**TASK PROMPT**
The listing is to be repeated exactly, and its pictures are to be left out.

**EXERCISE INPUTS**
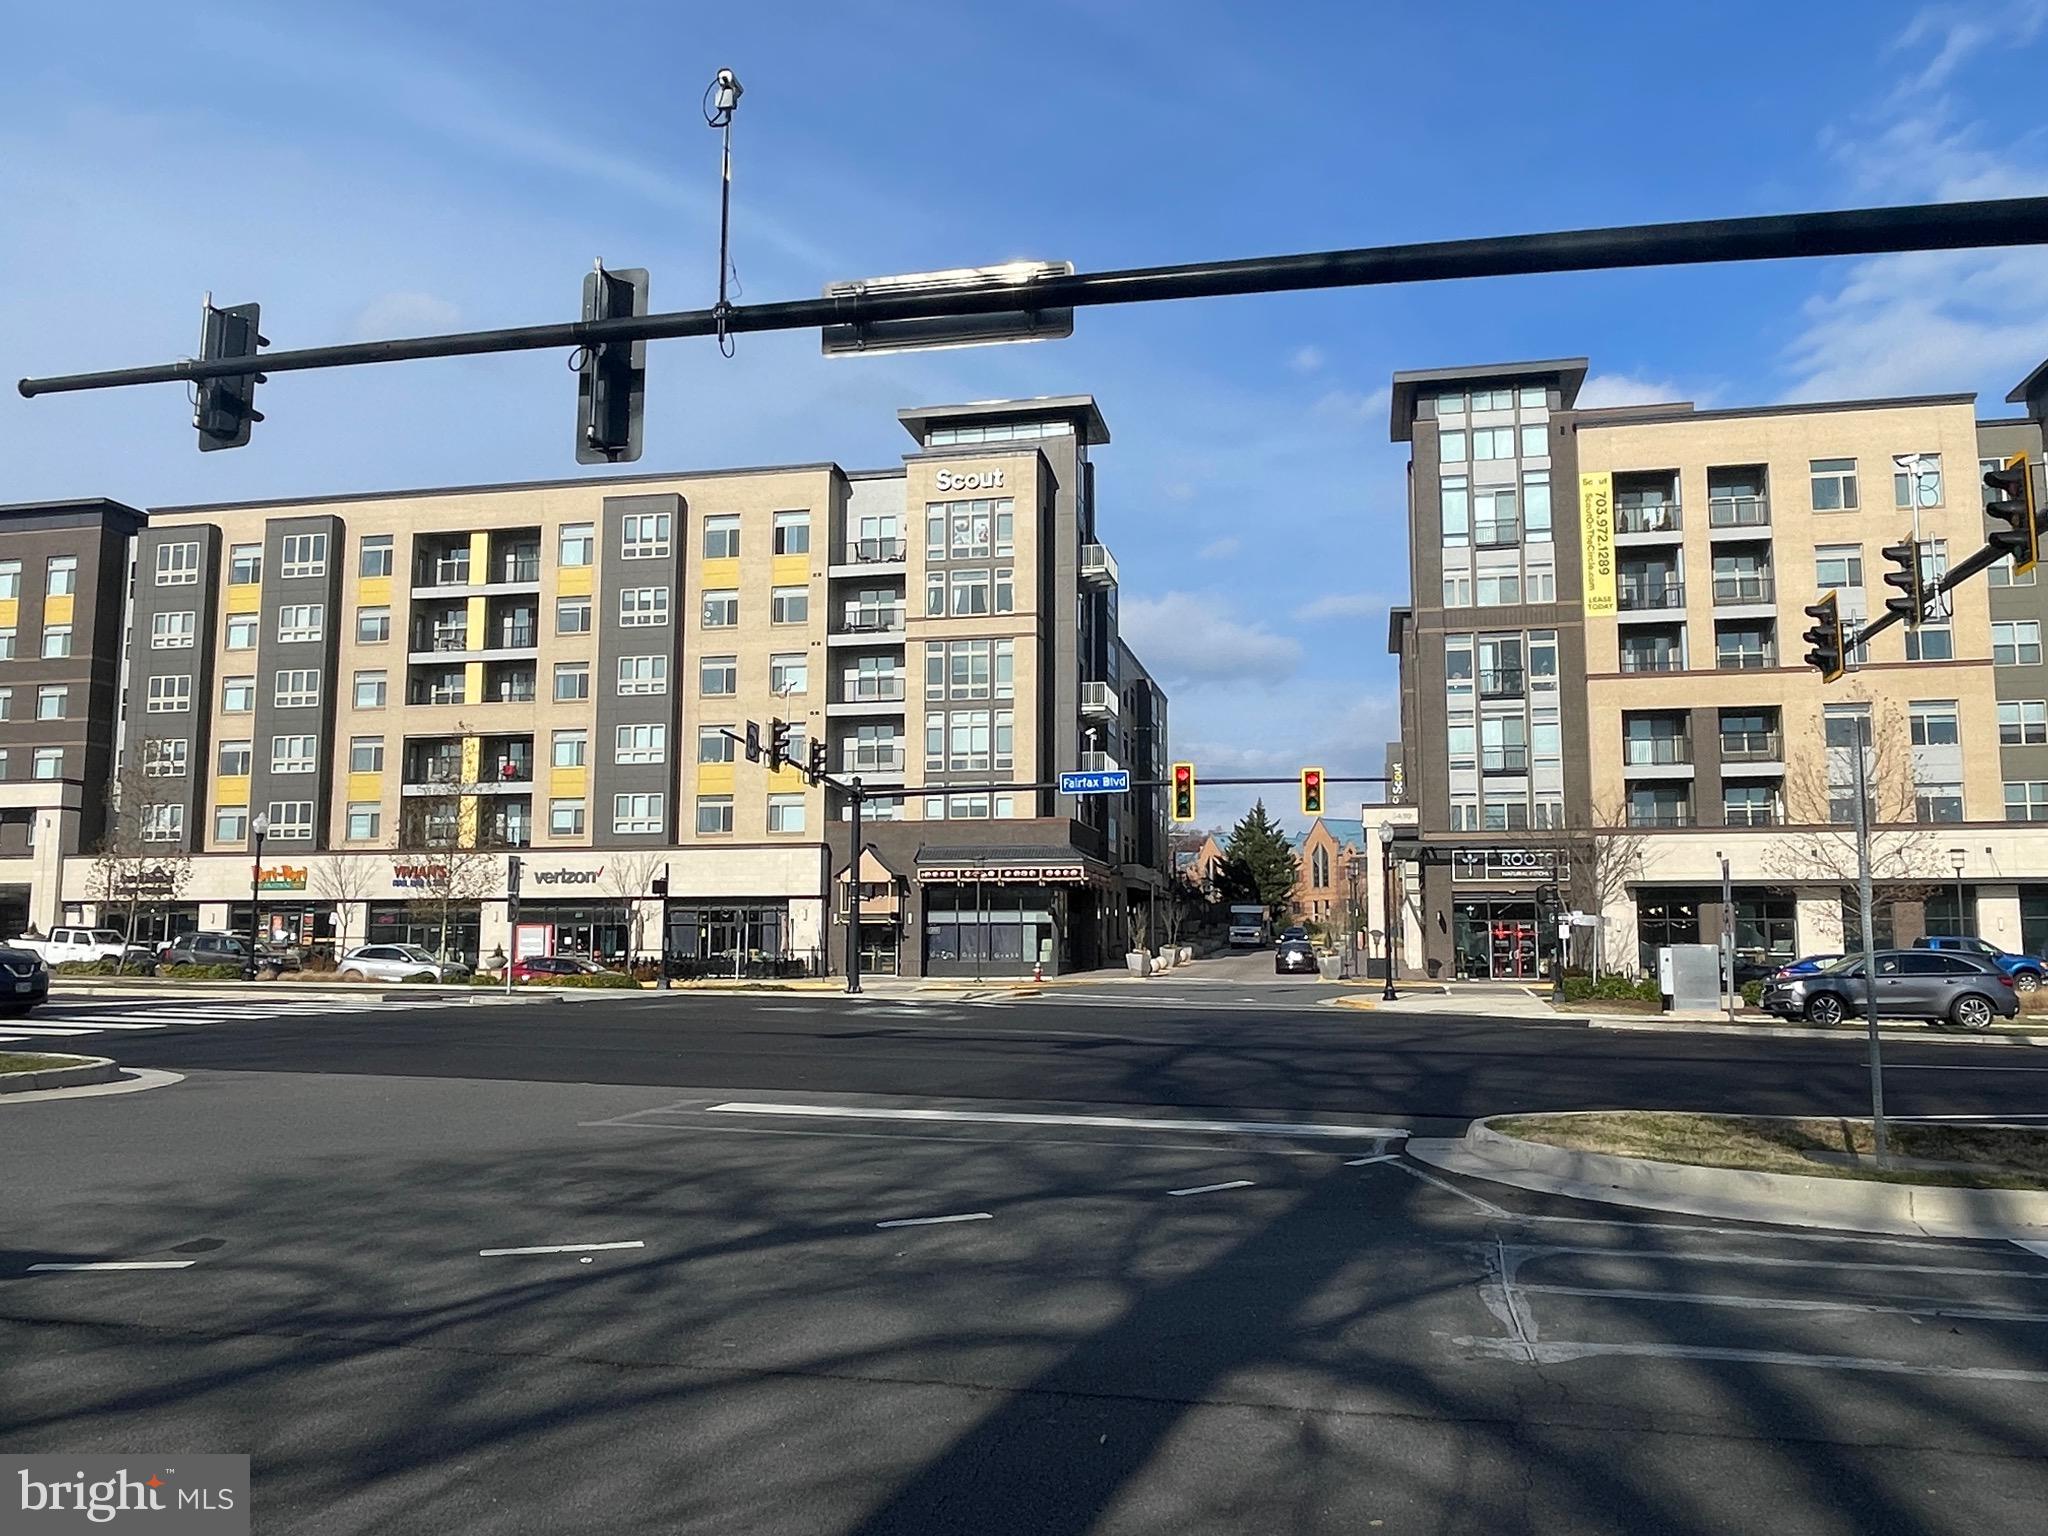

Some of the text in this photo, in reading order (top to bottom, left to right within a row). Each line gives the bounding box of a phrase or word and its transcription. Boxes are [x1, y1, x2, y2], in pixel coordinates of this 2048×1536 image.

[936, 468, 1004, 491] Scout
[1585, 493, 1595, 591] ScoutOnTheCircle.com
[1595, 491, 1610, 576] 703.972.1289
[1063, 775, 1126, 789] Fairfax Blvd
[1392, 762, 1403, 794] Scout
[1501, 853, 1554, 866] ROOTS
[534, 867, 597, 884] verizon

**WRITTEN RESPONSE**
Some of the text in this photo, in reading order (top to bottom, left to right within a row). Each line gives the bounding box of a phrase or word and its transcription. Boxes are [x1, y1, x2, y2], in pixel coordinates of this 2048×1536 image.

[936, 468, 1004, 491] Scout
[1585, 493, 1595, 591] ScoutOnTheCircle.com
[1595, 491, 1610, 576] 703.972.1289
[1063, 775, 1126, 789] Fairfax Blvd
[1392, 762, 1403, 794] Scout
[1501, 853, 1554, 866] ROOTS
[534, 867, 597, 884] verizon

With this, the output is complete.